**** EXERCISE INPUT ****

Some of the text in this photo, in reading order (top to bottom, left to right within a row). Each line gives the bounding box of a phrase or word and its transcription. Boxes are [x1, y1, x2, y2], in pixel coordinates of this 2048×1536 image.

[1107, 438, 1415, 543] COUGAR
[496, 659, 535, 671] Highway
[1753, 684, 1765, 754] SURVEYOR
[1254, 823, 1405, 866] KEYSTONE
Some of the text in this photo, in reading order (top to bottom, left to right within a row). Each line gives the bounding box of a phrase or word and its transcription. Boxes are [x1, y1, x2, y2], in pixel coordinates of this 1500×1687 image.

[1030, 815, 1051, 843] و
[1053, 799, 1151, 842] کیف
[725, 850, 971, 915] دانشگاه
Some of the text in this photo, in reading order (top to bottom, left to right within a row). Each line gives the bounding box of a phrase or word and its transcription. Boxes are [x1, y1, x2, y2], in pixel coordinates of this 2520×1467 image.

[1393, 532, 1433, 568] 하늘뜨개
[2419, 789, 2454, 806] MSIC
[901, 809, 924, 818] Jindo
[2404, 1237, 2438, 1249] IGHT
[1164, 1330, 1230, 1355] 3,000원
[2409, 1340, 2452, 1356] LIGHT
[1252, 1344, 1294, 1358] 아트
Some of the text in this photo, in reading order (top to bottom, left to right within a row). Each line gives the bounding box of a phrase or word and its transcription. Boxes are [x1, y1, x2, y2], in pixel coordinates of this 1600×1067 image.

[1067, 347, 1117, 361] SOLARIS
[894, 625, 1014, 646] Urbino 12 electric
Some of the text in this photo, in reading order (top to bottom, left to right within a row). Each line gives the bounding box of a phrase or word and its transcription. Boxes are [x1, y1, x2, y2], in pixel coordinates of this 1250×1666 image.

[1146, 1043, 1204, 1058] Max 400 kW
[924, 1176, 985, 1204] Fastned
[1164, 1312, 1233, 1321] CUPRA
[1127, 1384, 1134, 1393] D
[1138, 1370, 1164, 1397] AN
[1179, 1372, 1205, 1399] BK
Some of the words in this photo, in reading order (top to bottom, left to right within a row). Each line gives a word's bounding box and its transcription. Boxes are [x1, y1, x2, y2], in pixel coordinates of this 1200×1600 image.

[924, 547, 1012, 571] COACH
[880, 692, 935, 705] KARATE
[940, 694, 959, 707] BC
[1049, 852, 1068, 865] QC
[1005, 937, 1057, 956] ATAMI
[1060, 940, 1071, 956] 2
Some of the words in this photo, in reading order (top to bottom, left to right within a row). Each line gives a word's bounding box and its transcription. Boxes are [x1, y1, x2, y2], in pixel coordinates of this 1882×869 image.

****

→ **TASK INSTRUCTIONS**
Repeat every record exactly, so that nothing is lost or altered.

→ **EXERCISE RESULT**
Some of the text in this photo, in reading order (top to bottom, left to right within a row). Each line gives the bounding box of a phrase or word and its transcription. Boxes are [x1, y1, x2, y2], in pixel coordinates of this 2048×1536 image.

[1107, 438, 1415, 543] COUGAR
[496, 659, 535, 671] Highway
[1753, 684, 1765, 754] SURVEYOR
[1254, 823, 1405, 866] KEYSTONE
Some of the text in this photo, in reading order (top to bottom, left to right within a row). Each line gives the bounding box of a phrase or word and its transcription. Boxes are [x1, y1, x2, y2], in pixel coordinates of this 1500×1687 image.

[1030, 815, 1051, 843] و
[1053, 799, 1151, 842] کیف
[725, 850, 971, 915] دانشگاه
Some of the text in this photo, in reading order (top to bottom, left to right within a row). Each line gives the bounding box of a phrase or word and its transcription. Boxes are [x1, y1, x2, y2], in pixel coordinates of this 2520×1467 image.

[1393, 532, 1433, 568] 하늘뜨개
[2419, 789, 2454, 806] MSIC
[901, 809, 924, 818] Jindo
[2404, 1237, 2438, 1249] IGHT
[1164, 1330, 1230, 1355] 3,000원
[2409, 1340, 2452, 1356] LIGHT
[1252, 1344, 1294, 1358] 아트
Some of the text in this photo, in reading order (top to bottom, left to right within a row). Each line gives the bounding box of a phrase or word and its transcription. Boxes are [x1, y1, x2, y2], in pixel coordinates of this 1600×1067 image.

[1067, 347, 1117, 361] SOLARIS
[894, 625, 1014, 646] Urbino 12 electric
Some of the text in this photo, in reading order (top to bottom, left to right within a row). Each line gives the bounding box of a phrase or word and its transcription. Boxes are [x1, y1, x2, y2], in pixel coordinates of this 1250×1666 image.

[1146, 1043, 1204, 1058] Max 400 kW
[924, 1176, 985, 1204] Fastned
[1164, 1312, 1233, 1321] CUPRA
[1127, 1384, 1134, 1393] D
[1138, 1370, 1164, 1397] AN
[1179, 1372, 1205, 1399] BK
Some of the words in this photo, in reading order (top to bottom, left to right within a row). Each line gives a word's bounding box and its transcription. Boxes are [x1, y1, x2, y2], in pixel coordinates of this 1200×1600 image.

[924, 547, 1012, 571] COACH
[880, 692, 935, 705] KARATE
[940, 694, 959, 707] BC
[1049, 852, 1068, 865] QC
[1005, 937, 1057, 956] ATAMI
[1060, 940, 1071, 956] 2
Some of the words in this photo, in reading order (top to bottom, left to right within a row). Each line gives a word's bounding box and its transcription. Boxes are [x1, y1, x2, y2], in pixel coordinates of this 1882×869 image.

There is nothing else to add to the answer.